To say that it was both emotionally exuberant and exhausting an experience to view this masterpiece of a motion-picture would be an understatement.

If there was a way to convey all of the determination and anguish of a fur tradesman from the nineteenth century in the brutally beautiful mountainous terrain of the American Rockies, it would be with the face of DiCaprio – who does it skillfully with the blazing emotions in his eyes and the grunts and groans he exudes as he pushes his body to superhuman feats. His is truly an amazingly physical performance. The Revenant takes a stark, simple story and stretches it out over two-and-a-half hours of mind-blowing artistry. It is slow and contemplative, staggeringly beautiful, and utterly compelling.  It is excruciating in the voluminous narrative that is unspoken for the better part of the movie – because none is needed.  And it is haunting in the intentionality of its many themes – the most obvious one being that of survival.

But even greater than that obvious theme of survival – that takes the shape of the ordeal endured by DiCaprio’s Glass – the more compelling ones to me were those of loyalty and love.  This was a love-story, plain and simple.  That between a man and a woman, and a father and his son.  One’s will to live is not so much a function of one’s desire to seek revenge, but due to the sweet memory of one’s loved one, and the determination to keep that memory alive for as long as possible.

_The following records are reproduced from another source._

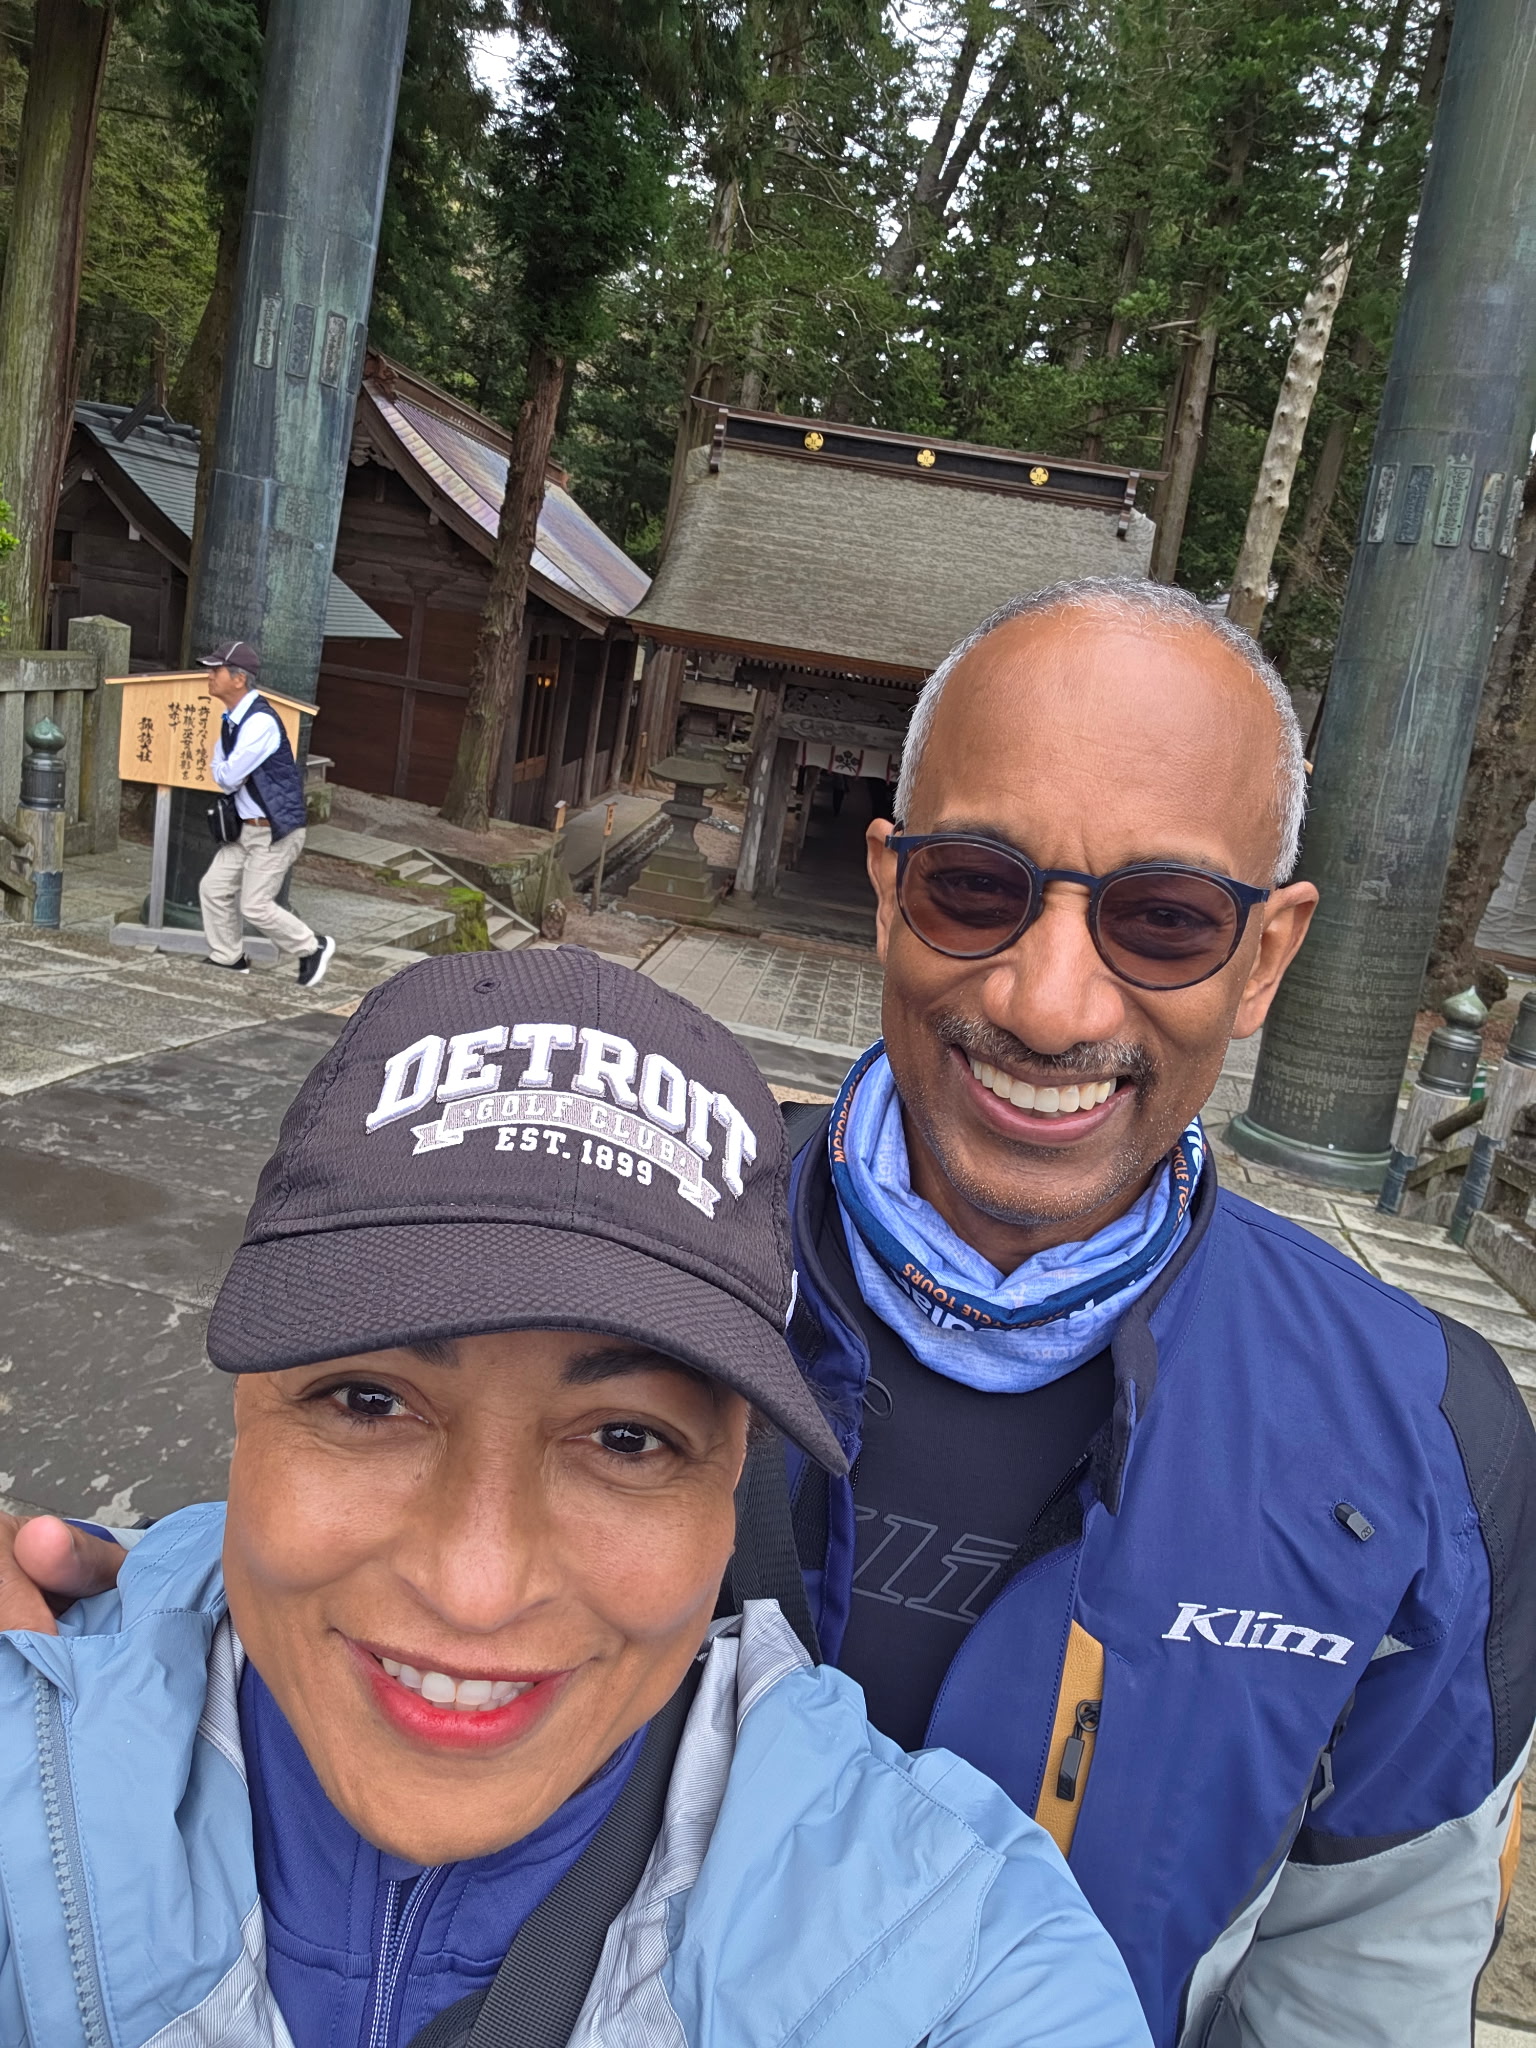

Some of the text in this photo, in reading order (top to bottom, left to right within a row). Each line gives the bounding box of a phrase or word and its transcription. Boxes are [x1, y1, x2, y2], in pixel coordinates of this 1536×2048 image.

[136, 716, 154, 764] 諏訪大社
[365, 1023, 757, 1200] DETROIT
[476, 1094, 676, 1163] GOLF CLUB
[494, 1127, 653, 1186] EST. 1899
[903, 1263, 956, 1309] TOURS
[1161, 1602, 1355, 1665] Klim
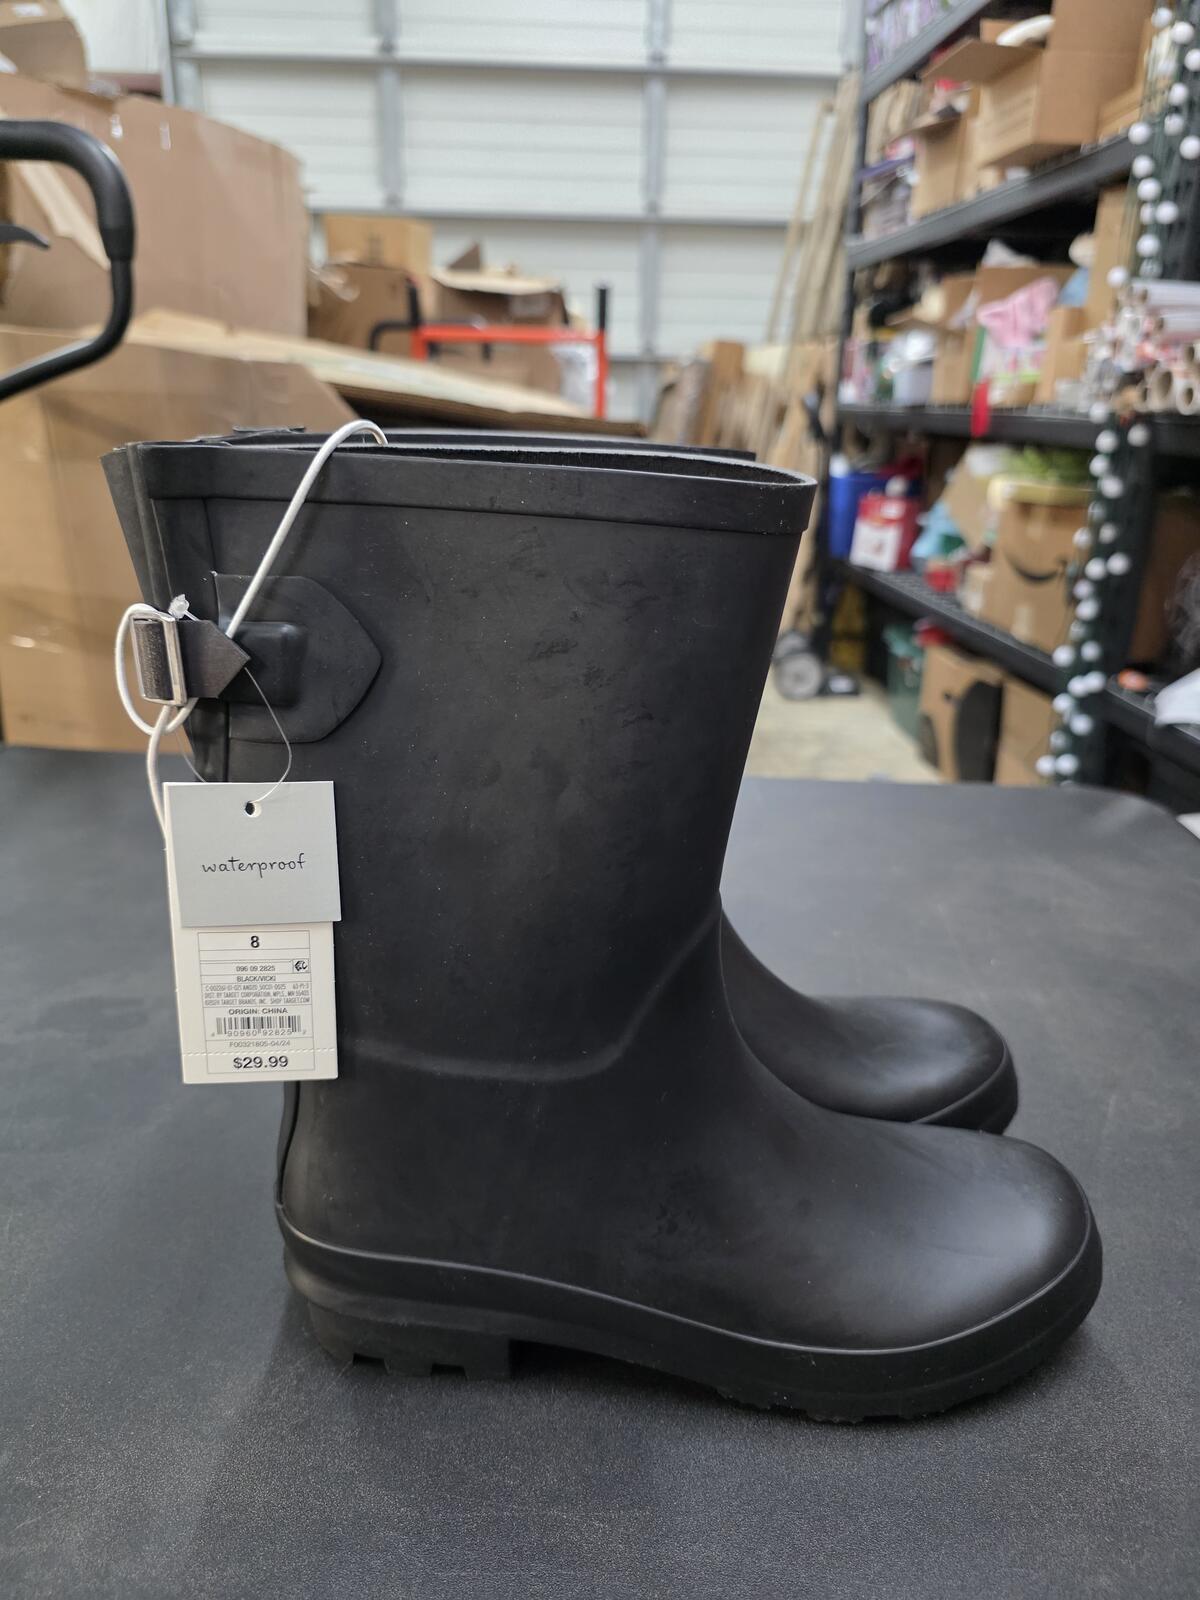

This is, what is called muscular film-making, I suppose, and there is much muscle – and bone and blood and sinew.  Such imagery is not for the faint-hearted, but how does one then feel the pain of love and loss without any of that?  And while much has been made of the punishing physicality of the shoot in artic-like temperatures – with a digital grizzly bear that looks anything but digital, it is true that the film is gorgeously shot in a most relentlessly violent manner.  Alas, nature watches in gorgeous indifference as the human characters suffer.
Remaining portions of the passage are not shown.